Task inputs →
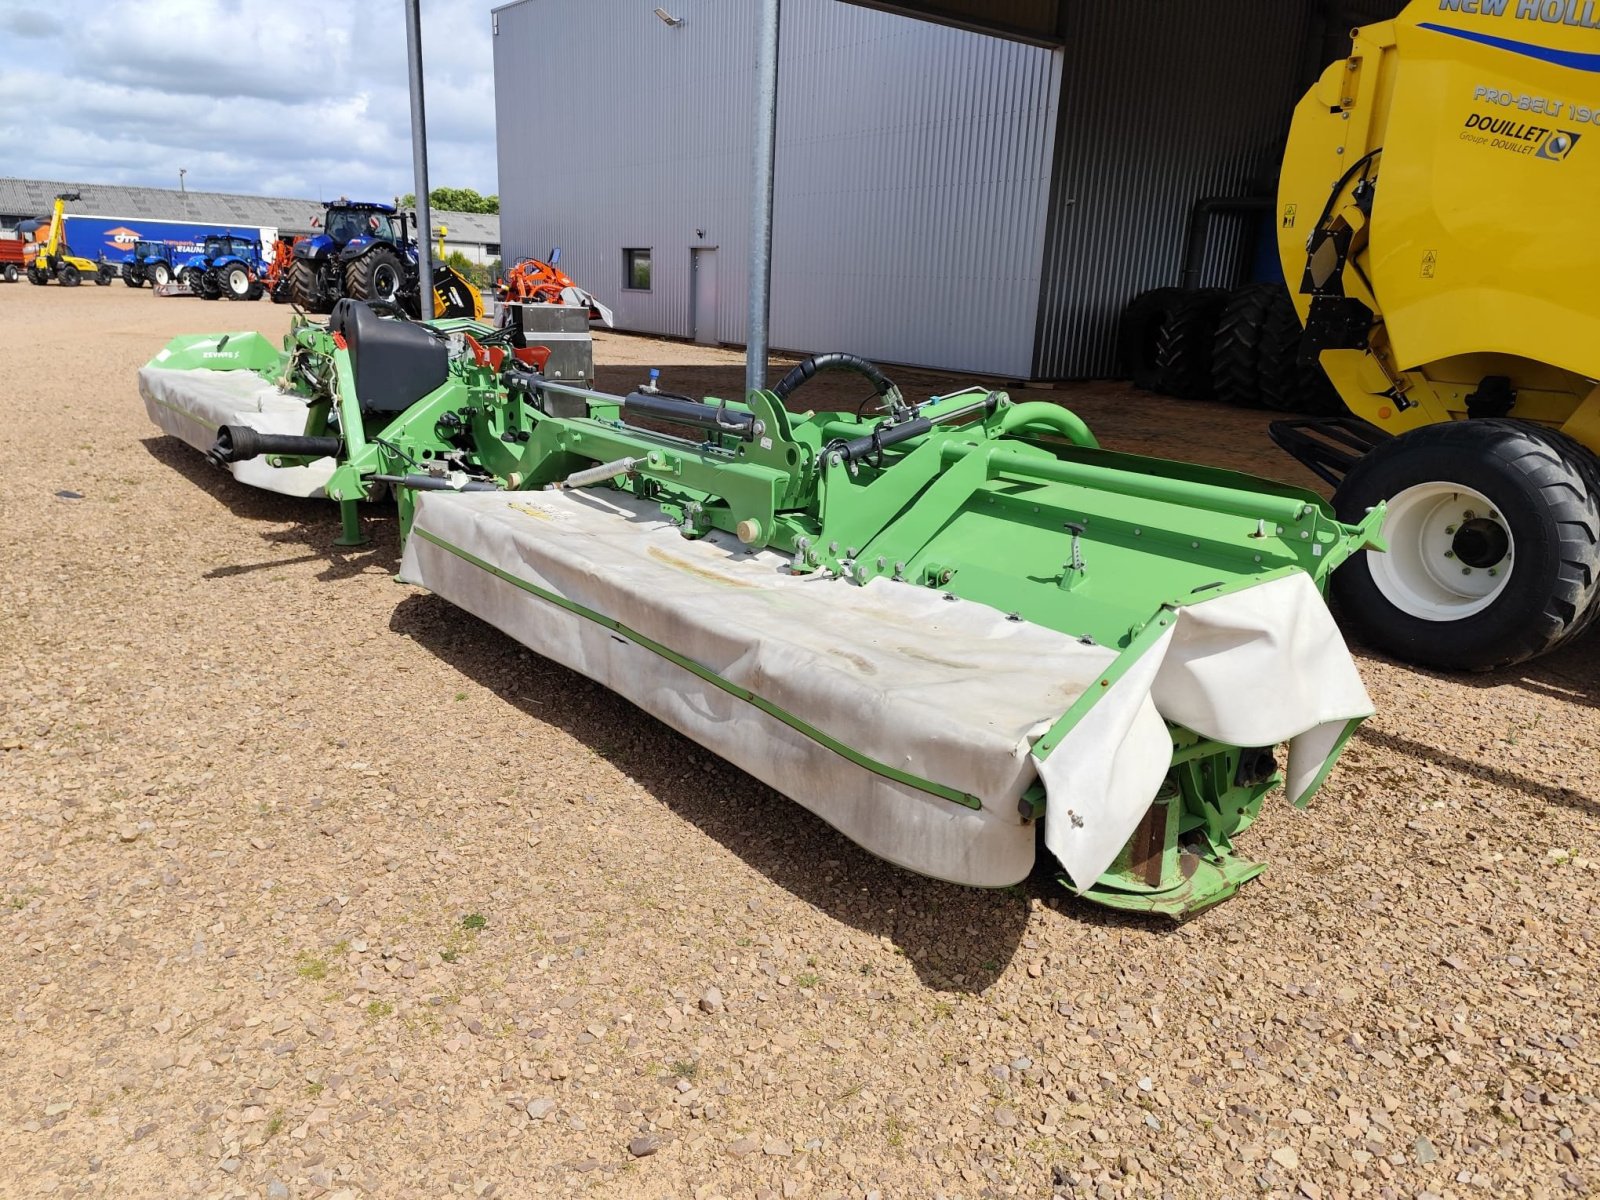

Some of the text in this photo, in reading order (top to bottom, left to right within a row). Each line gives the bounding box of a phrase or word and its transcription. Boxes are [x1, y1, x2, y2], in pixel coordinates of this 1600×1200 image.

[1515, 0, 1600, 29] HOLL
[1473, 84, 1565, 118] PRO-BELT
[1464, 113, 1549, 143] DOUILLET
[1459, 131, 1535, 155] Groupe DOUILLET
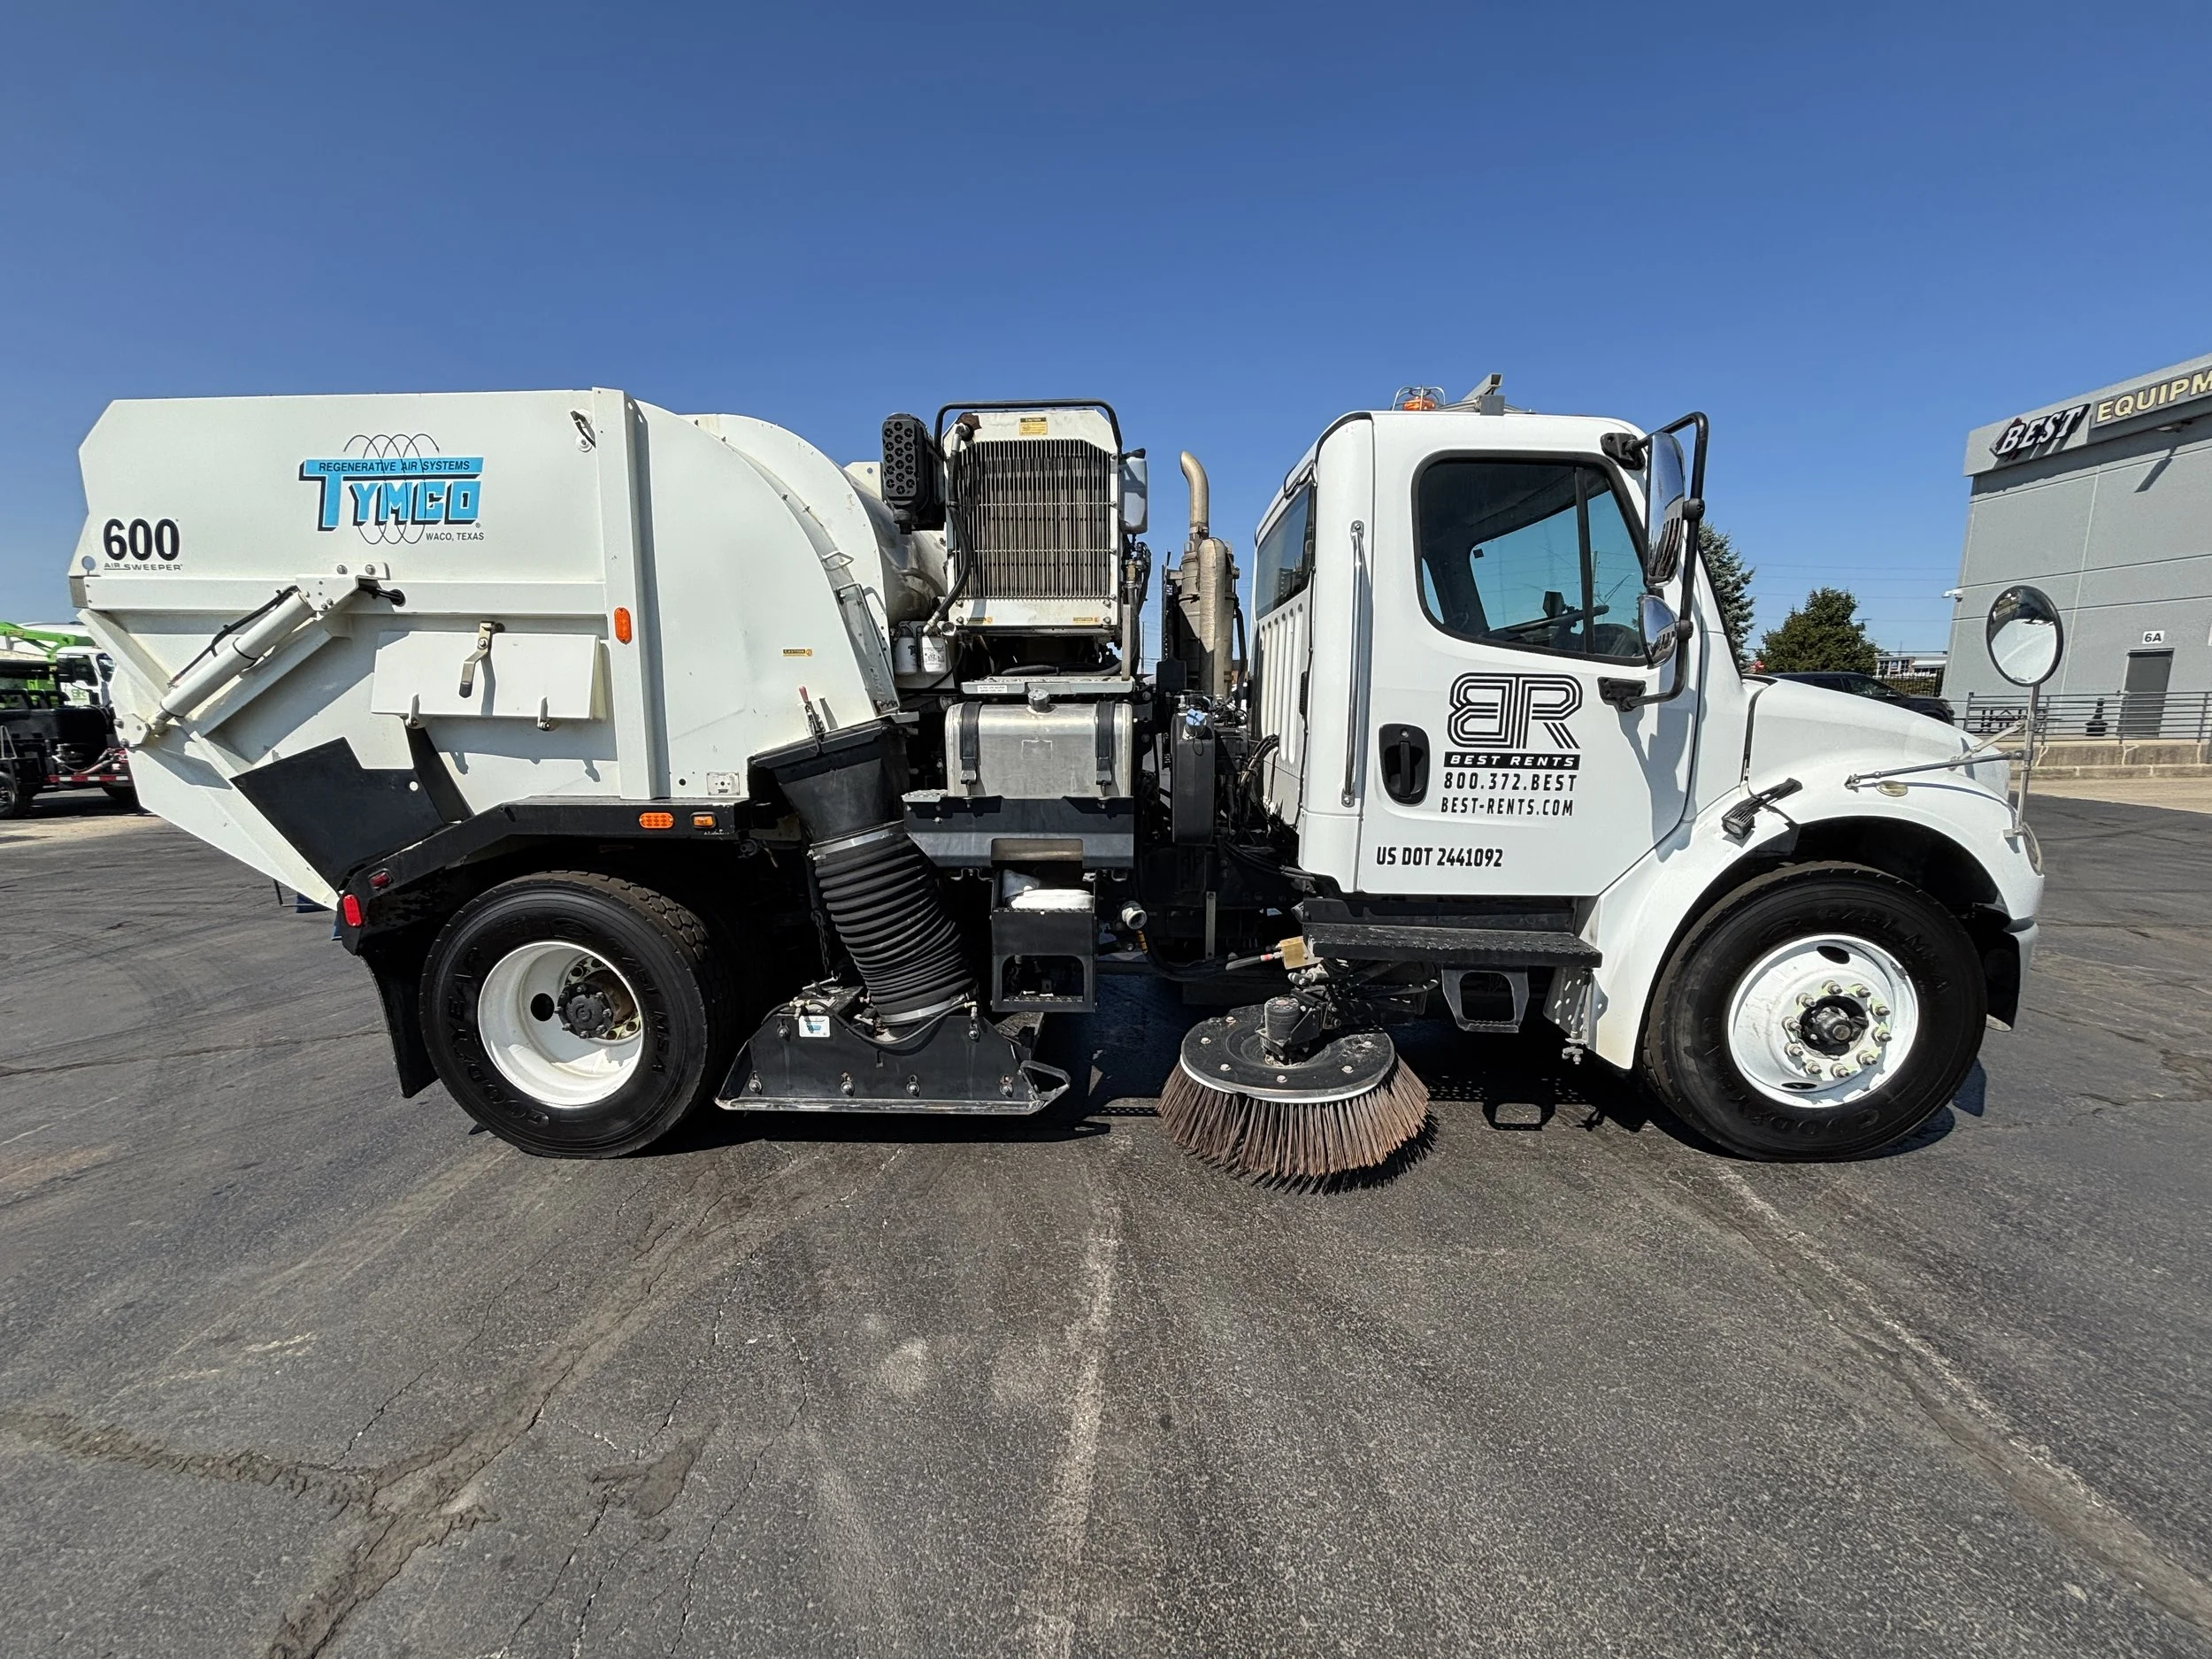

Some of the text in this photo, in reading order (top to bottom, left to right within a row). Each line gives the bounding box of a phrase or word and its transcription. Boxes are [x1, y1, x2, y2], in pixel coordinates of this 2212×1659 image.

[1995, 404, 2085, 455] BEST
[319, 461, 471, 472] REGENERATIVE AIR SYSTEMS
[299, 457, 483, 531] TYMCO
[104, 518, 180, 561] 600
[426, 532, 485, 541] WACO, TEXAS
[2145, 633, 2162, 642] 6A
[1450, 755, 1575, 767] BEST RENTS
[1443, 772, 1577, 792] 800.372.BEST
[1441, 797, 1573, 816] BEST-RENTS.COM
[1376, 847, 1503, 867] US DOT 2441092

Task prompt → In your copy, the listing above should appear word for word, with no images.

Response area →
Some of the text in this photo, in reading order (top to bottom, left to right within a row). Each line gives the bounding box of a phrase or word and its transcription. Boxes are [x1, y1, x2, y2], in pixel coordinates of this 1600×1200 image.

[1515, 0, 1600, 29] HOLL
[1473, 84, 1565, 118] PRO-BELT
[1464, 113, 1549, 143] DOUILLET
[1459, 131, 1535, 155] Groupe DOUILLET

Some of the text in this photo, in reading order (top to bottom, left to right within a row). Each line gives the bounding box of a phrase or word and its transcription. Boxes are [x1, y1, x2, y2], in pixel coordinates of this 2212×1659 image.

[1995, 404, 2085, 455] BEST
[319, 461, 471, 472] REGENERATIVE AIR SYSTEMS
[299, 457, 483, 531] TYMCO
[104, 518, 180, 561] 600
[426, 532, 485, 541] WACO, TEXAS
[2145, 633, 2162, 642] 6A
[1450, 755, 1575, 767] BEST RENTS
[1443, 772, 1577, 792] 800.372.BEST
[1441, 797, 1573, 816] BEST-RENTS.COM
[1376, 847, 1503, 867] US DOT 2441092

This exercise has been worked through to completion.